Obtaining nice abs may not be as hard as you may think. Sure for some the road to a six-pack may be longer than for others but the work you have to put in is the same. Envision yourself proudly displaying your new well shaped and well trained abs at the beach, pool, or showing them off wearing a half shirt.
The key to well shaped abs starts with the training and most people do not know how to do this correctly. Lets review the three fundamentals of ab training to help give you a more clear picture of how to shape your abs correctly.

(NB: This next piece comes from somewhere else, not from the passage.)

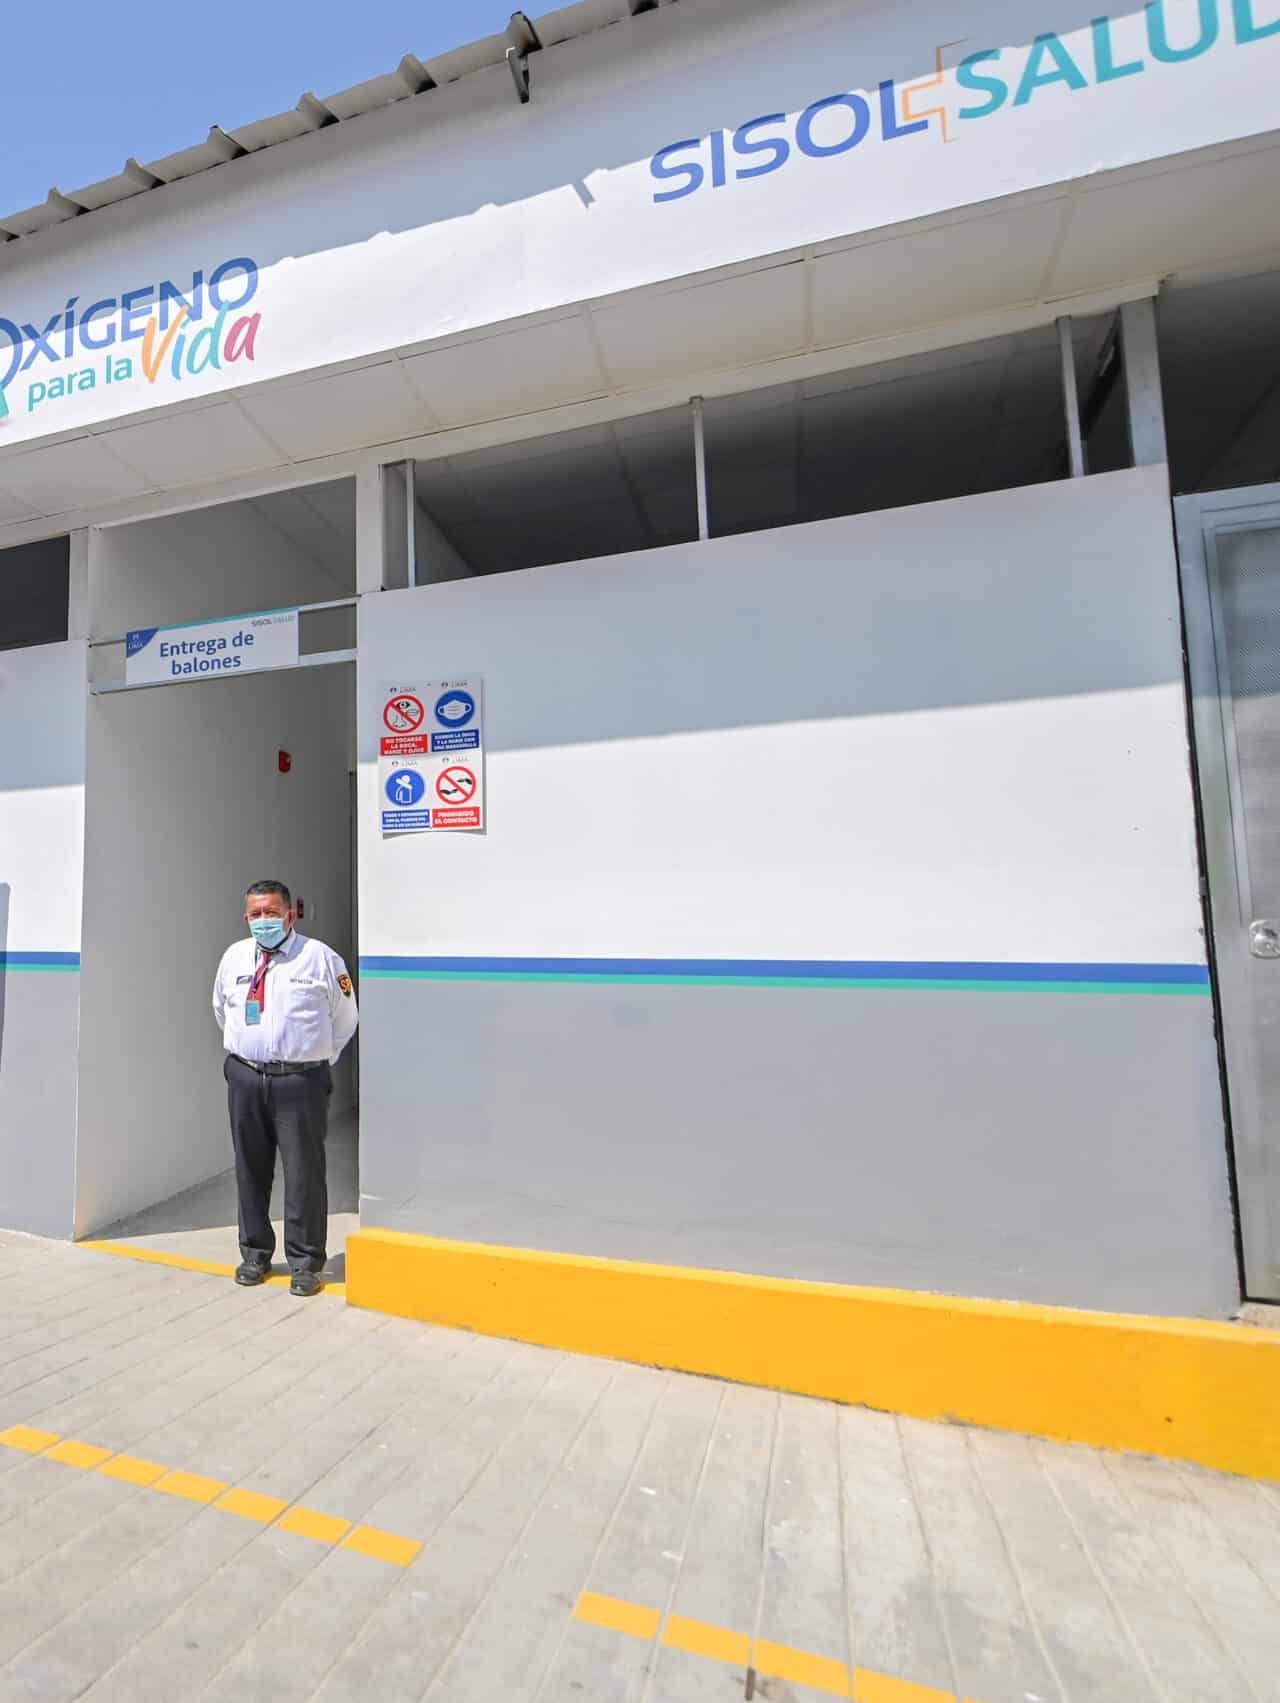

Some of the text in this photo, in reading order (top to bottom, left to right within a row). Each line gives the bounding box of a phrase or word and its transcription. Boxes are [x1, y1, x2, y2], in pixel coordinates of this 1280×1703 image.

Three Things to Remember to Train Your Abs

1. Breathing Correctly
Let it be known that your abs will not contract all the way when there is air in your lungs. Many people try to hold their breath when perfroming ab workouts. The ab muscles will never fully contract while holding your breath.
The best thing to do is breathe out with every repetition you perform. Exhaling while exerting your ab muscles will allow them to fully contract and get the proper ab workout. Scientifically, exhaling allows the abdominal muscles to contract fully rather than relying on your hip flexors or gravity to do the job.

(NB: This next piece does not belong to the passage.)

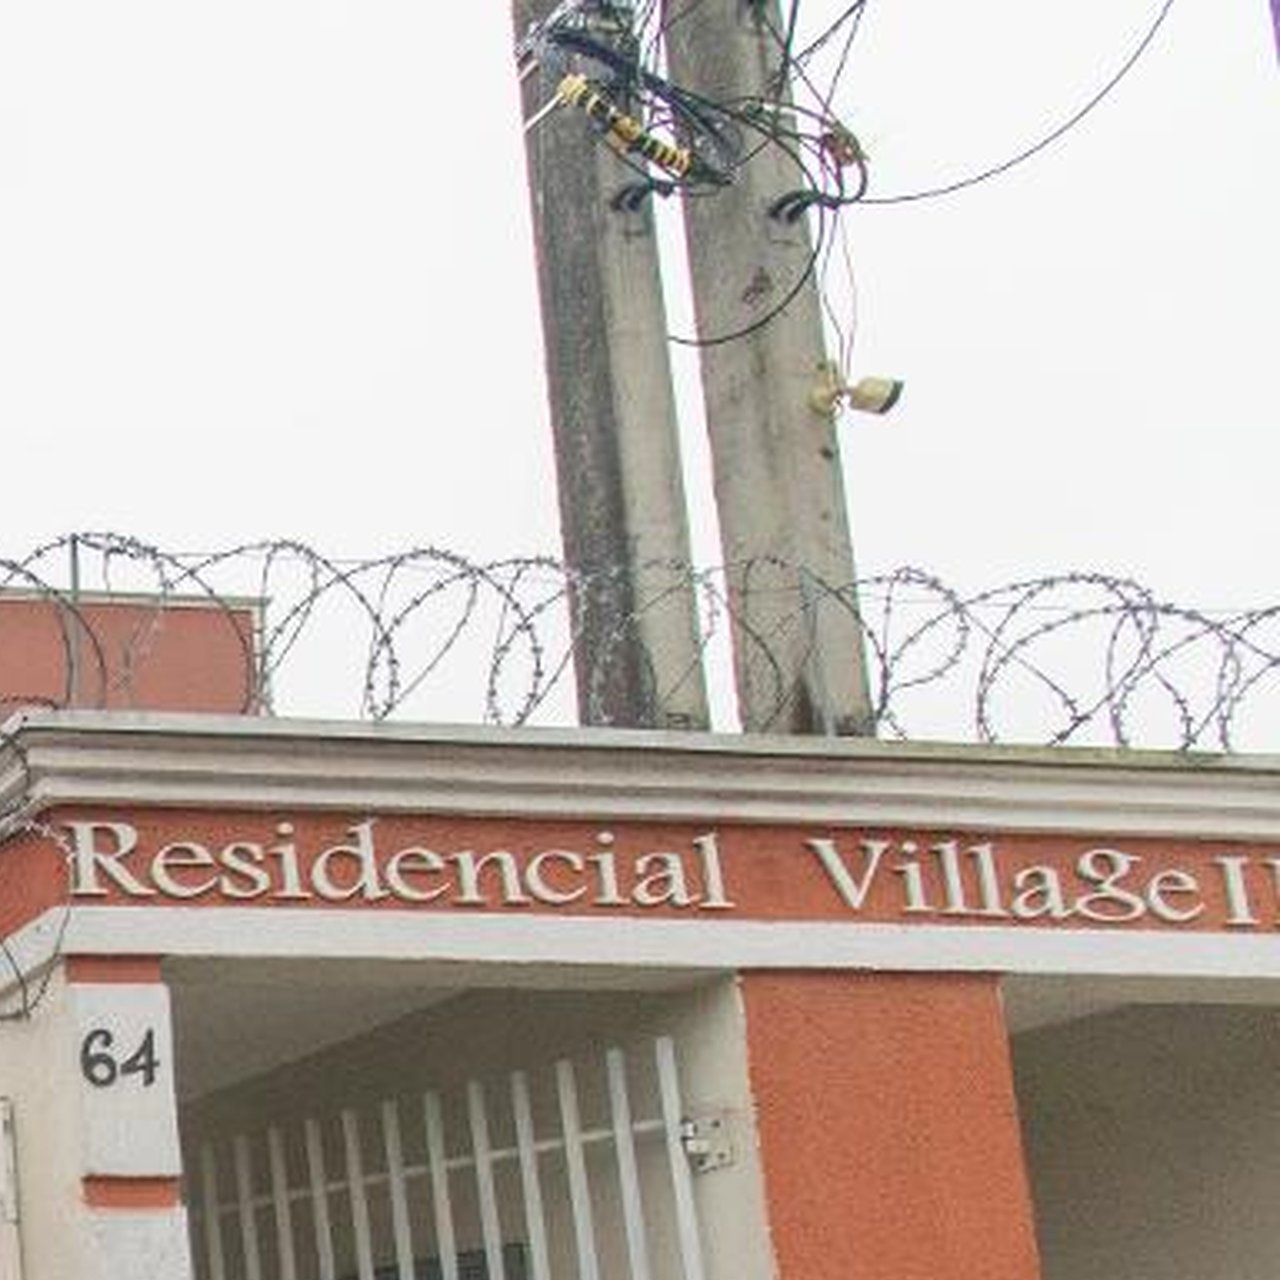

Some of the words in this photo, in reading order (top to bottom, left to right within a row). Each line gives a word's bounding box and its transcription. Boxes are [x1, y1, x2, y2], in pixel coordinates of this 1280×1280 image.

[62, 817, 738, 911] Residencial
[804, 837, 1206, 923] Village
[80, 1027, 161, 1088] 64

2. Don’t Rest Your Abs Too Long
When performing any type of ab exercise or ab workout routine, understand that your abs will not take long to recover between sets. While most major muscle groups in your body take minutes to recover between sets, your abs will not take more that just a few seconds. With that in mind, be sure to workout your abs in a continuous fluid movement with very little rest. Setup your ab workout routine so you can flow from one ab exercise to another with continous movement until you just can’t take it anymore.

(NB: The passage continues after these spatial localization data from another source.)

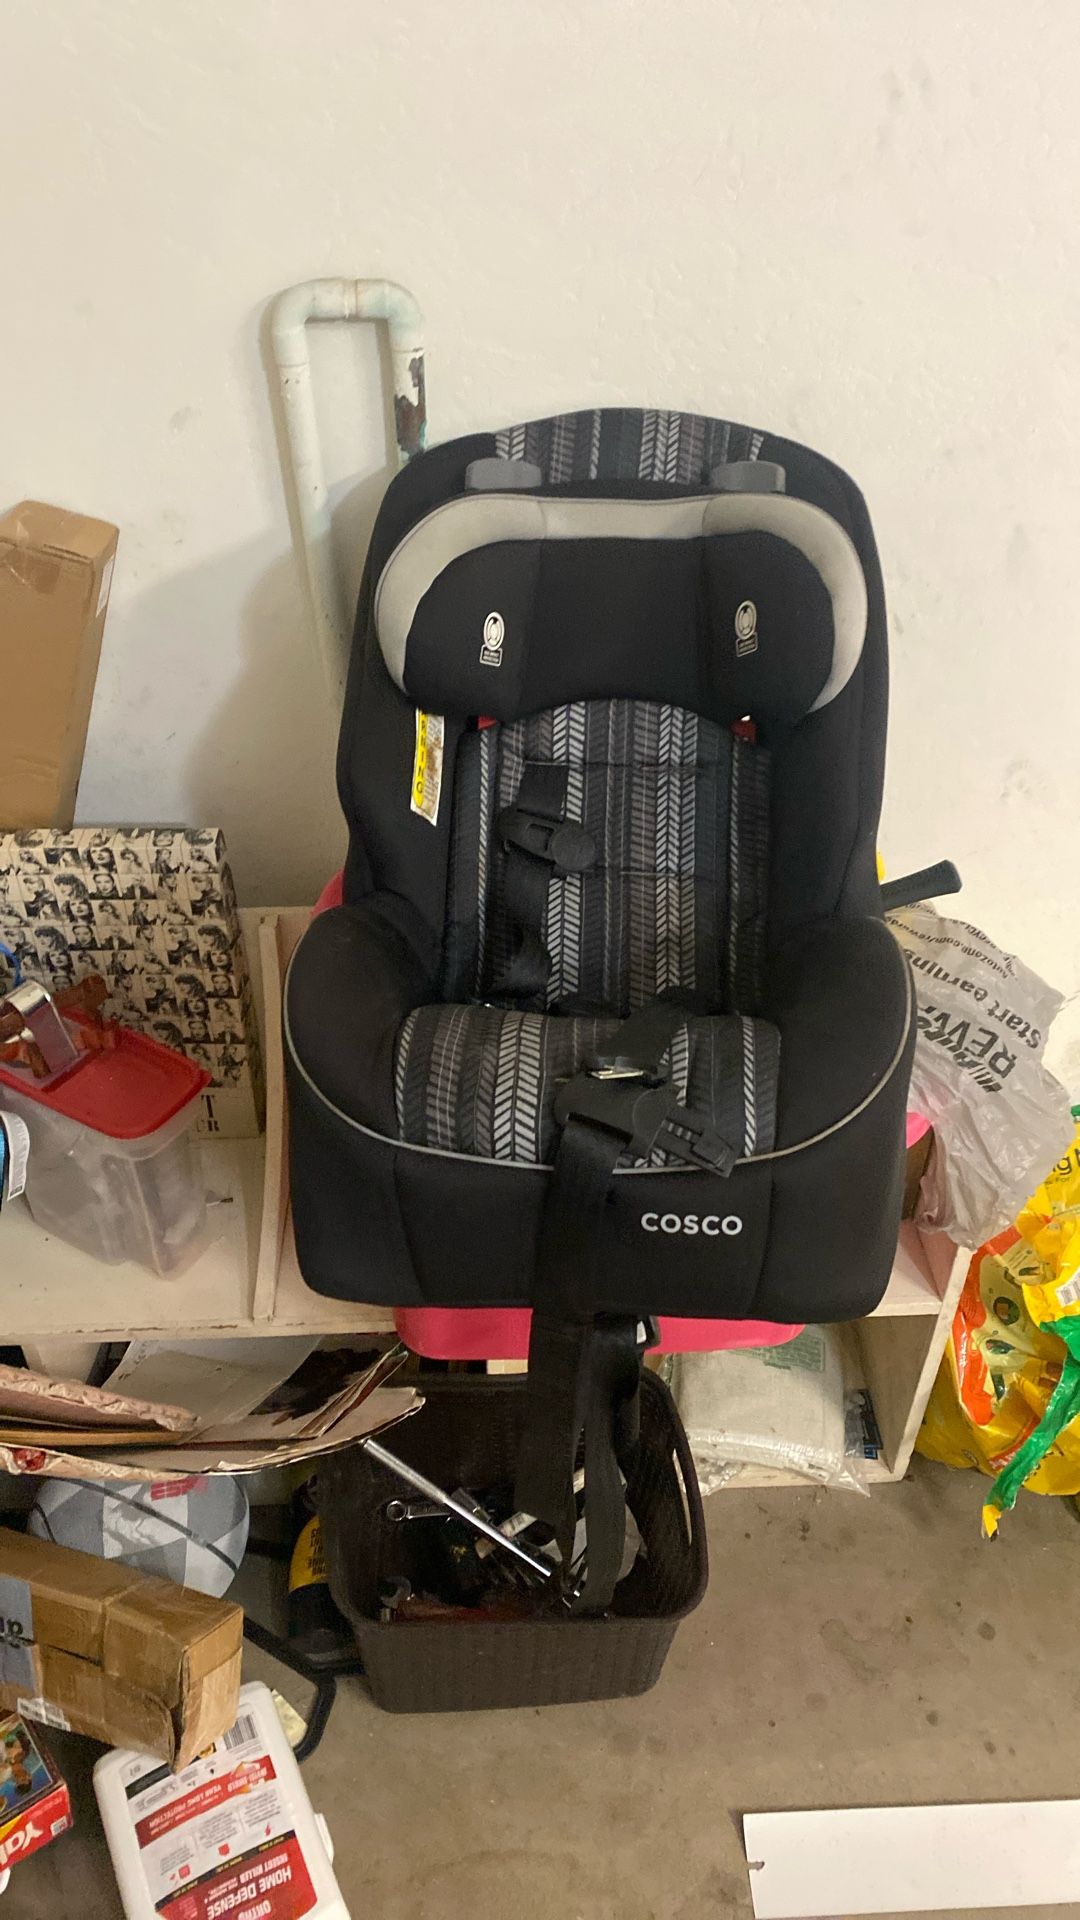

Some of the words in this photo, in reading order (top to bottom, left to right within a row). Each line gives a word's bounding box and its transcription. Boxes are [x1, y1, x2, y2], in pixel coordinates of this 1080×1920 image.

[416, 711, 428, 793] RNING
[986, 999, 1042, 1050] Start
[641, 1212, 743, 1236] COSCO
[258, 1864, 292, 1893] HOME
[206, 1886, 257, 1920] DEFENSE

Any ab exercise routines you see that are longer than 5 minutes are most likely taking way too much time in between sets. The best routines take very little breaks.
3. Work Your Abs From Bottom Up
When you exercise your abs, be sure to workout your lower abs first. The reason you start there first is because when you tighten your lower abs, all of the other ab muscles tighten at the same time in order to stabilize your entire body.
So in a sense, when you work your lower abs, you are working all the other ab muscles as well, including the upper abdominals and obliques. You should workout your lower abs until you are exhausted and can’t perform anymore reps. At that point you should move into a torso workout to work your obliques until you can’t do any more; then finishing with an upper ab workout like crunches.
Don’t worry too much about not being able to perform to many reps on your obliques and upper abs after working yourself to exhaustion on your lower abs. This is normal. Just be sure to keep the break time low and to keep a continuous movement between ab exercises.
Also, instead of fixating on the amount of reps you can perform, concentrate more on your breathing and contracting your abs. Just do the ab workout routine until you can’t go anymore.
Exercise is Only One Phase
Of course you are going to have to exercise your abs if you want develop a six-pack. Focusing specifically on your abs three times a week is a good number to go for. You don’t need to work them more because if you are exercising other parts of your body, your ab muscles are more than likely being worked as well. But exercise alone will not be enough to get those killer abs you’ve always wanted. Exercise is just one phase, dieting and life control is another.
Get into a habit of eating healthy foods low in fat and high in protein. To many of us, this means a complete change in lifestyle. But a lifestyle where you can still eat great foods and not starve yourself. Think about not only how healthy you’ll look, but how healthy you’ll actually be and feel as a result.